** SUPPLIED MATERIAL follows **

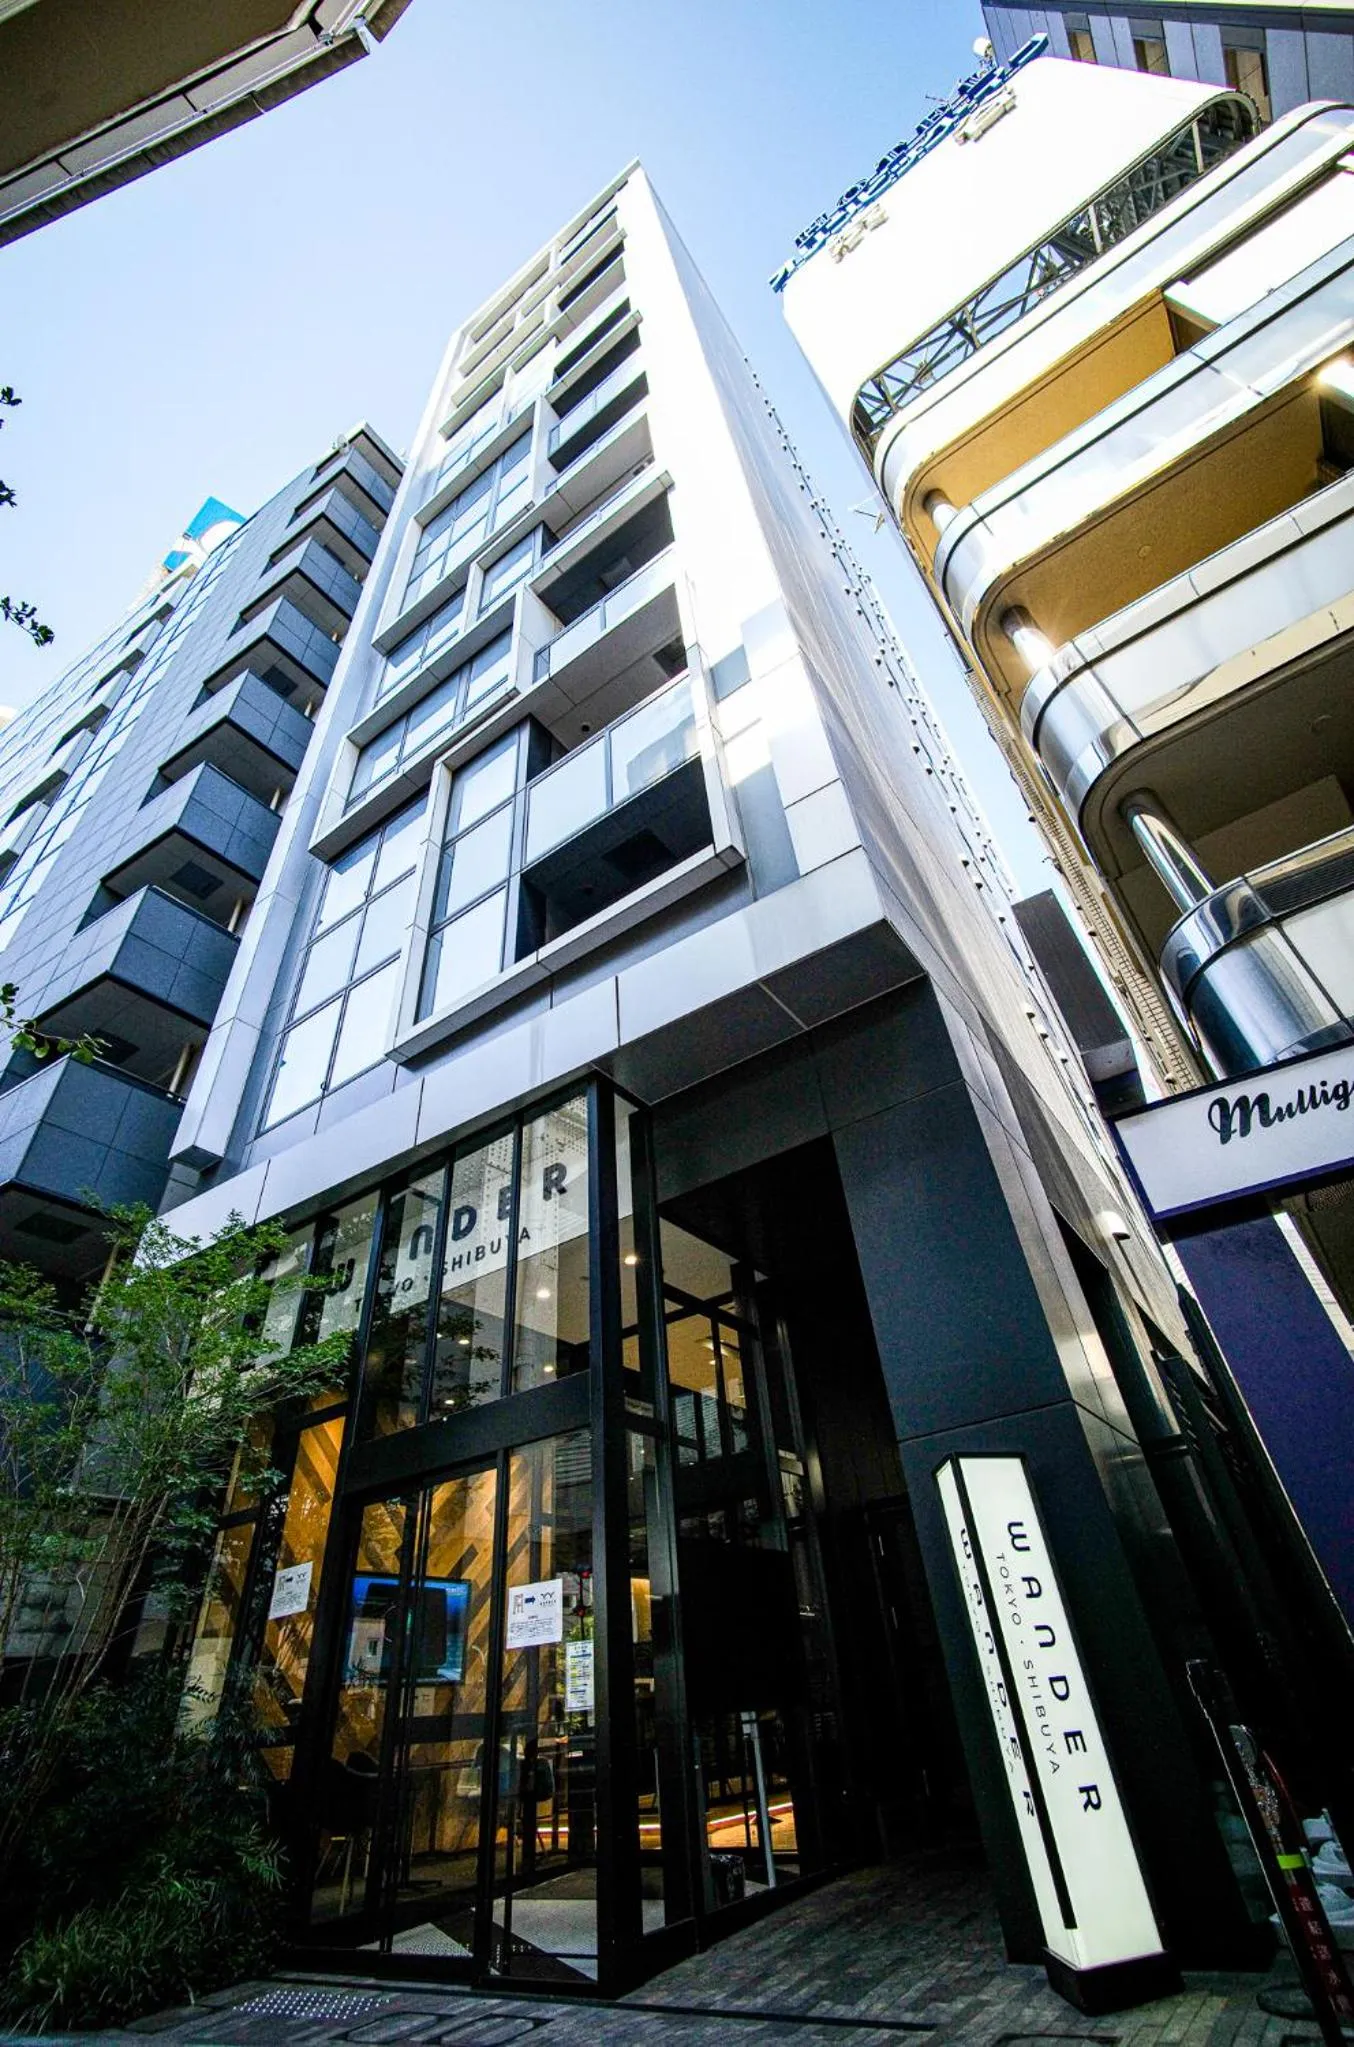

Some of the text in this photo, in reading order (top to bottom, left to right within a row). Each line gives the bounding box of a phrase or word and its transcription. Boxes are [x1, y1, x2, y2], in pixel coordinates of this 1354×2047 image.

[1208, 1080, 1354, 1145] Mullig
[442, 1227, 532, 1276] SHIBUA
[996, 1552, 1060, 1775] TOKYO SHIBUYA
[1007, 1521, 1102, 1812] WANDER

** End of SUPPLIED MATERIAL **

| PROBLEM DETAILS |
Be exact. Write out all the entries and omit the pictures.

| RESPONSE TO THE TASK |
Some of the text in this photo, in reading order (top to bottom, left to right within a row). Each line gives the bounding box of a phrase or word and its transcription. Boxes are [x1, y1, x2, y2], in pixel coordinates of this 1354×2047 image.

[1208, 1080, 1354, 1145] Mullig
[442, 1227, 532, 1276] SHIBUA
[996, 1552, 1060, 1775] TOKYO SHIBUYA
[1007, 1521, 1102, 1812] WANDER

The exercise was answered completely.